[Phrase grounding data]

========

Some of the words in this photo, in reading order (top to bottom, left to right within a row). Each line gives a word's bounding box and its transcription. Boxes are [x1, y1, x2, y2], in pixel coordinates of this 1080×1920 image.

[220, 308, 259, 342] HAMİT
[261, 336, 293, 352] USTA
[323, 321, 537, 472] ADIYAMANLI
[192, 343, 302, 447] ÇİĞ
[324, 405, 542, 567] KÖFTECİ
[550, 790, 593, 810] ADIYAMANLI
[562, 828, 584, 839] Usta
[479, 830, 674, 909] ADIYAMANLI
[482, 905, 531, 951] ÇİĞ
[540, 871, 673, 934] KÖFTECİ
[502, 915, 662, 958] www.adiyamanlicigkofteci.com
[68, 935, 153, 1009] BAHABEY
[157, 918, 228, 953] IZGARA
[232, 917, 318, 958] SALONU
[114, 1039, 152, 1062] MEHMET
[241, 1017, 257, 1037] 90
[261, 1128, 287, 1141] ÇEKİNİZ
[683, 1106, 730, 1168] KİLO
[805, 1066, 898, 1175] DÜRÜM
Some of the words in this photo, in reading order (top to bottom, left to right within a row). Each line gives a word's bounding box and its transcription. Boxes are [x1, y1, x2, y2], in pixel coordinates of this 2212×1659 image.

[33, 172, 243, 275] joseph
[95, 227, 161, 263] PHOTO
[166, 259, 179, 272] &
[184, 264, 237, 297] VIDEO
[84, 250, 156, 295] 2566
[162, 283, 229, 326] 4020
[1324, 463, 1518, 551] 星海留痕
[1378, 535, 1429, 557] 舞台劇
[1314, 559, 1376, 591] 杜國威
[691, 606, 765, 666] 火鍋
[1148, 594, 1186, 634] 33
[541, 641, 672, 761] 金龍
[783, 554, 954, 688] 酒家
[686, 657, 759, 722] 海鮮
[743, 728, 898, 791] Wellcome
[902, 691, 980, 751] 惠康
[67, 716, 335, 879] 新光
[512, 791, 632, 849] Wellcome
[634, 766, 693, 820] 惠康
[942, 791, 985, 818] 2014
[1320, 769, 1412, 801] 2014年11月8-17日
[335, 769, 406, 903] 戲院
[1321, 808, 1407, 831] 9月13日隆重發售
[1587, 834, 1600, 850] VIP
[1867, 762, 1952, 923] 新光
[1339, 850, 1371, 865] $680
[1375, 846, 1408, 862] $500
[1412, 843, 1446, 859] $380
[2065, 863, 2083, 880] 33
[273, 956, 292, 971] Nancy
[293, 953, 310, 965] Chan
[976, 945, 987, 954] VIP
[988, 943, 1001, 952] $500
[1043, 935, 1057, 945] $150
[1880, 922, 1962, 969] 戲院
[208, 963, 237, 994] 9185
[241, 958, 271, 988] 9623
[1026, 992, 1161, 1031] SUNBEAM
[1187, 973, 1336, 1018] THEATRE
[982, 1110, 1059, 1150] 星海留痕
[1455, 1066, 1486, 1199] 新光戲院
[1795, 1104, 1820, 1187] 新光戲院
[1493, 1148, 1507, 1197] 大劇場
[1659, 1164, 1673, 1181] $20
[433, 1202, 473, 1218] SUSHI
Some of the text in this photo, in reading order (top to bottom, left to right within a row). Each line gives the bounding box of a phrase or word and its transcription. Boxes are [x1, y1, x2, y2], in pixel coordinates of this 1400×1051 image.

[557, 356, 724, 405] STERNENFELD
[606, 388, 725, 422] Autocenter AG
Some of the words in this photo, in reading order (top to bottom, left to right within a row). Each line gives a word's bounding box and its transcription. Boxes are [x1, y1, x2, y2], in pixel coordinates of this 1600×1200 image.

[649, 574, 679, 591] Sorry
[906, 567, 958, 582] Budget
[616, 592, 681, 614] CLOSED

========

YOUR TASK:
Copy the records above, keeping each line identical.

EXERCISE SOLUTION:
Some of the words in this photo, in reading order (top to bottom, left to right within a row). Each line gives a word's bounding box and its transcription. Boxes are [x1, y1, x2, y2], in pixel coordinates of this 1080×1920 image.

[220, 308, 259, 342] HAMİT
[261, 336, 293, 352] USTA
[323, 321, 537, 472] ADIYAMANLI
[192, 343, 302, 447] ÇİĞ
[324, 405, 542, 567] KÖFTECİ
[550, 790, 593, 810] ADIYAMANLI
[562, 828, 584, 839] Usta
[479, 830, 674, 909] ADIYAMANLI
[482, 905, 531, 951] ÇİĞ
[540, 871, 673, 934] KÖFTECİ
[502, 915, 662, 958] www.adiyamanlicigkofteci.com
[68, 935, 153, 1009] BAHABEY
[157, 918, 228, 953] IZGARA
[232, 917, 318, 958] SALONU
[114, 1039, 152, 1062] MEHMET
[241, 1017, 257, 1037] 90
[261, 1128, 287, 1141] ÇEKİNİZ
[683, 1106, 730, 1168] KİLO
[805, 1066, 898, 1175] DÜRÜM
Some of the words in this photo, in reading order (top to bottom, left to right within a row). Each line gives a word's bounding box and its transcription. Boxes are [x1, y1, x2, y2], in pixel coordinates of this 2212×1659 image.

[33, 172, 243, 275] joseph
[95, 227, 161, 263] PHOTO
[166, 259, 179, 272] &
[184, 264, 237, 297] VIDEO
[84, 250, 156, 295] 2566
[162, 283, 229, 326] 4020
[1324, 463, 1518, 551] 星海留痕
[1378, 535, 1429, 557] 舞台劇
[1314, 559, 1376, 591] 杜國威
[691, 606, 765, 666] 火鍋
[1148, 594, 1186, 634] 33
[541, 641, 672, 761] 金龍
[783, 554, 954, 688] 酒家
[686, 657, 759, 722] 海鮮
[743, 728, 898, 791] Wellcome
[902, 691, 980, 751] 惠康
[67, 716, 335, 879] 新光
[512, 791, 632, 849] Wellcome
[634, 766, 693, 820] 惠康
[942, 791, 985, 818] 2014
[1320, 769, 1412, 801] 2014年11月8-17日
[335, 769, 406, 903] 戲院
[1321, 808, 1407, 831] 9月13日隆重發售
[1587, 834, 1600, 850] VIP
[1867, 762, 1952, 923] 新光
[1339, 850, 1371, 865] $680
[1375, 846, 1408, 862] $500
[1412, 843, 1446, 859] $380
[2065, 863, 2083, 880] 33
[273, 956, 292, 971] Nancy
[293, 953, 310, 965] Chan
[976, 945, 987, 954] VIP
[988, 943, 1001, 952] $500
[1043, 935, 1057, 945] $150
[1880, 922, 1962, 969] 戲院
[208, 963, 237, 994] 9185
[241, 958, 271, 988] 9623
[1026, 992, 1161, 1031] SUNBEAM
[1187, 973, 1336, 1018] THEATRE
[982, 1110, 1059, 1150] 星海留痕
[1455, 1066, 1486, 1199] 新光戲院
[1795, 1104, 1820, 1187] 新光戲院
[1493, 1148, 1507, 1197] 大劇場
[1659, 1164, 1673, 1181] $20
[433, 1202, 473, 1218] SUSHI
Some of the text in this photo, in reading order (top to bottom, left to right within a row). Each line gives the bounding box of a phrase or word and its transcription. Boxes are [x1, y1, x2, y2], in pixel coordinates of this 1400×1051 image.

[557, 356, 724, 405] STERNENFELD
[606, 388, 725, 422] Autocenter AG
Some of the words in this photo, in reading order (top to bottom, left to right within a row). Each line gives a word's bounding box and its transcription. Boxes are [x1, y1, x2, y2], in pixel coordinates of this 1600×1200 image.

[649, 574, 679, 591] Sorry
[906, 567, 958, 582] Budget
[616, 592, 681, 614] CLOSED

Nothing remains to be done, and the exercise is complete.